While DAVE_G currently relies on text to respond or ask for more information if queries aren’t clear, eventually it will talk to its questioners. Subsequent generations also will provide a broader range of geospatial information, MacEachren said.
The three-year research effort, funded by the National Science Foundation, has just begun its second year.
Co-investigators for the project are Rajeev Sharma, associate professor of computer science and engineering, and Guoray Cai, assistant professor in the School of Information Sciences and Technology.
Geospatial information enables emergency management decision-makers to assess an area’s risk, impact and recovery from natural disasters such as hurricanes, earthquakes and biological hazards including the West Nile Virus. But current GIS tools primarily support individual users rather than the teams of experts that plan emergency responses.
On-site visits and telephone surveys to the Florida and Charleston County (S.C.) emergency operations centers revealed the need for tools that share GIS data and that allow emergency personnel, who often aren’t technical experts, to work jointly with GIS data. DAVE_G allows for that collaboration among users as well as facilitates easier access to information by a larger and more diverse population of users.
With microphone domes and cameras, the DAVE_G prototype allows two people to interact with a large display map (researchers aim to expand the collaboration potential). Its software, which recognizes gestures and interprets spoken commands and requests, doesn’t require a teaching session to start the system, so users can access data immediately. The system’s response is multimedia and includes maps, textual messages and generated speech.
The system has evolved out of the original iMap developed by Sharma, a prominent researcher, with software support from Advanced Interface Technologies, Inc., a company spun off from Penn State to commercialize speech-gesture interfaces.

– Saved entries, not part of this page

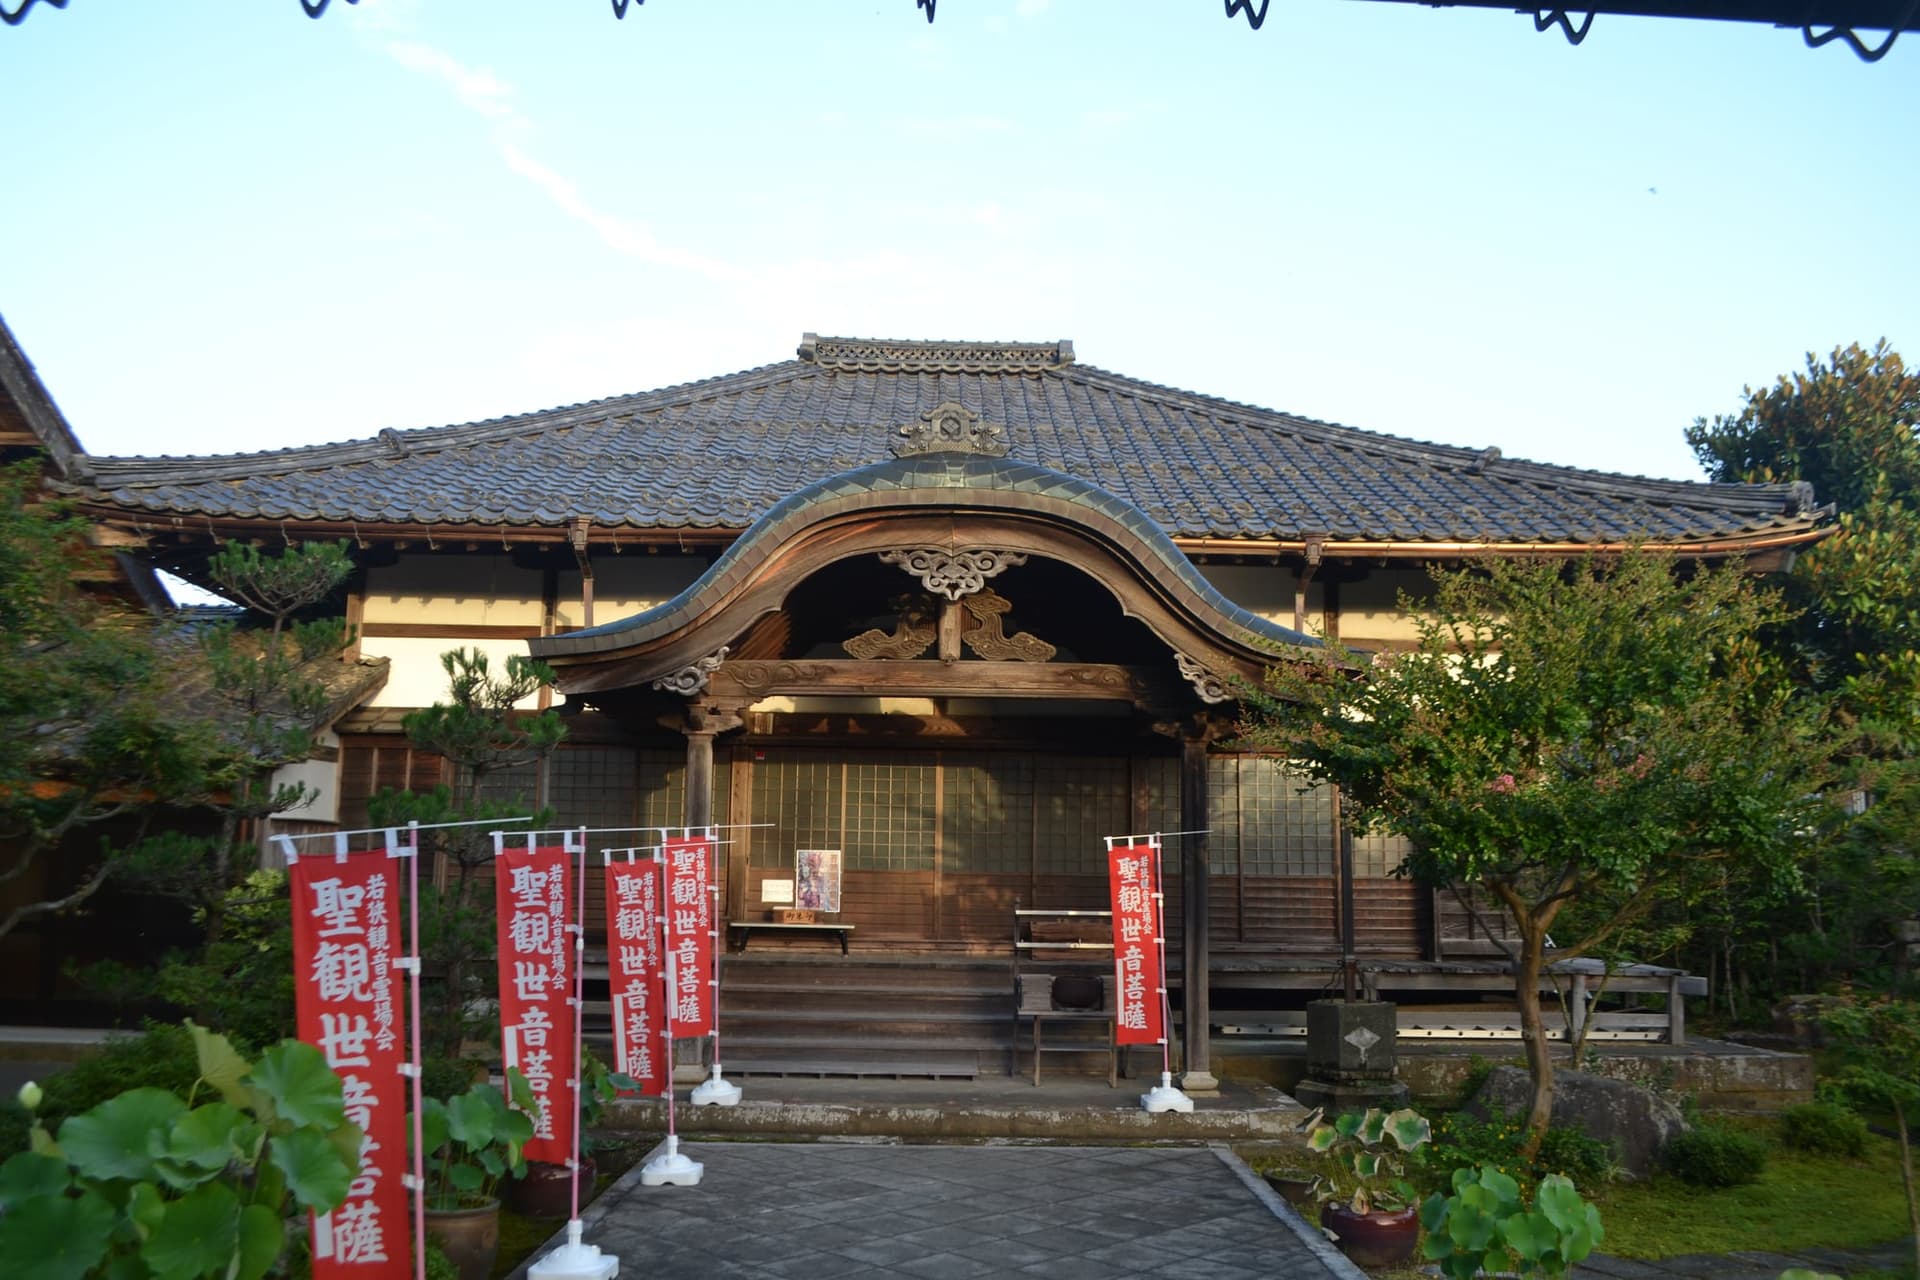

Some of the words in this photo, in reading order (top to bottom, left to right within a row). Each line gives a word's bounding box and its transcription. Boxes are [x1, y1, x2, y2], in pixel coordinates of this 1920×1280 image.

[615, 874, 655, 1079] 聖観世音菩薩
[671, 848, 702, 1023] 聖観世音菩薩
[1116, 856, 1148, 1029] 聖観世音菩薩
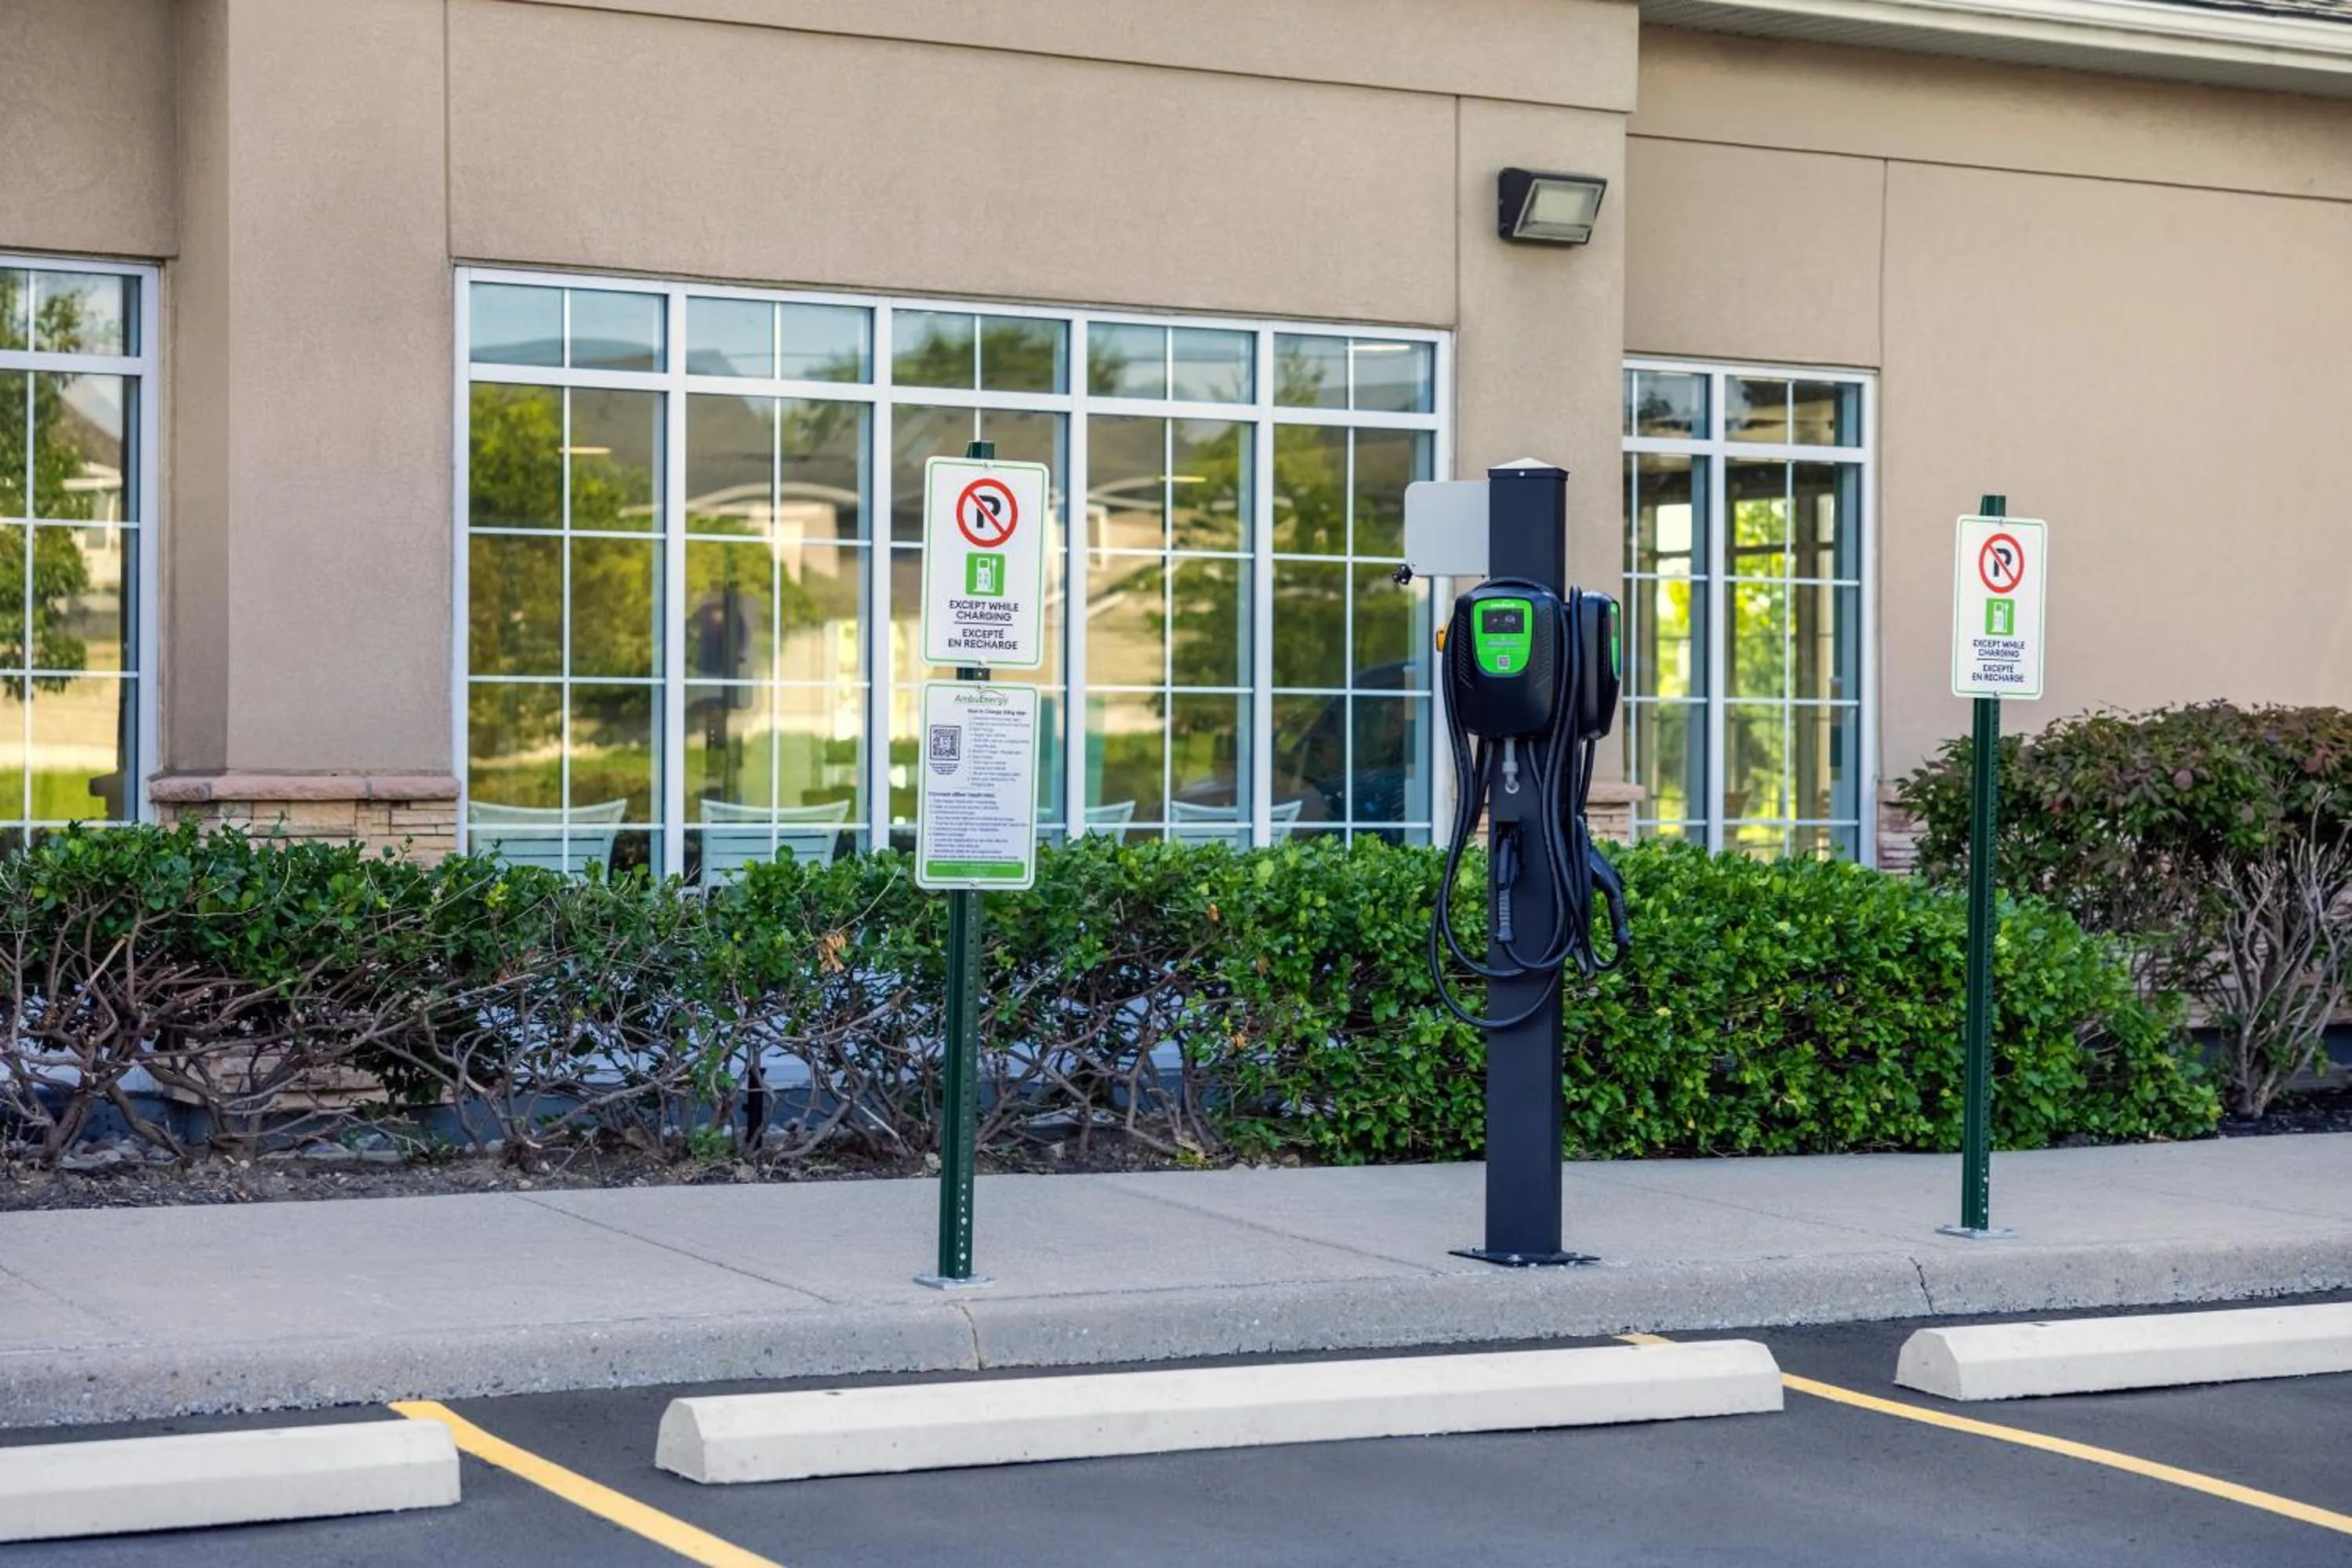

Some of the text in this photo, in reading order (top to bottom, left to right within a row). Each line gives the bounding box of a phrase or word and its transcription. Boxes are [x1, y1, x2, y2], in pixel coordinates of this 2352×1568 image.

[949, 600, 1019, 612] EXCEPT WHILE
[956, 611, 1012, 622] CHARGING
[962, 628, 1004, 638] EXCEPTÉ
[948, 638, 1018, 650] EN RECHARGE
[1973, 639, 2025, 649] EXCEPT WHILE
[1978, 648, 2020, 658] CHARGING
[1984, 673, 2024, 682] RECHARGE

The recognition of speech and gesture is the first step for the system that researchers say can improve and streamline decision making for crisis management personnel and others.
“Our goal is to make the system understand the users’ information needs based on high-level knowledge about their task and their characteristics,” Cai said. “We use intelligent agent technology to enable the information systems to be cooperative partners in the users’ problem-solving process.”
The new system is described in a paper, “Designing a Human-Centered, Multimodal GIS Interface to Support Emergency Management,” presented at the Association for Computing Machinery’s 10th International Symposium on Advancements in Geographical Systems.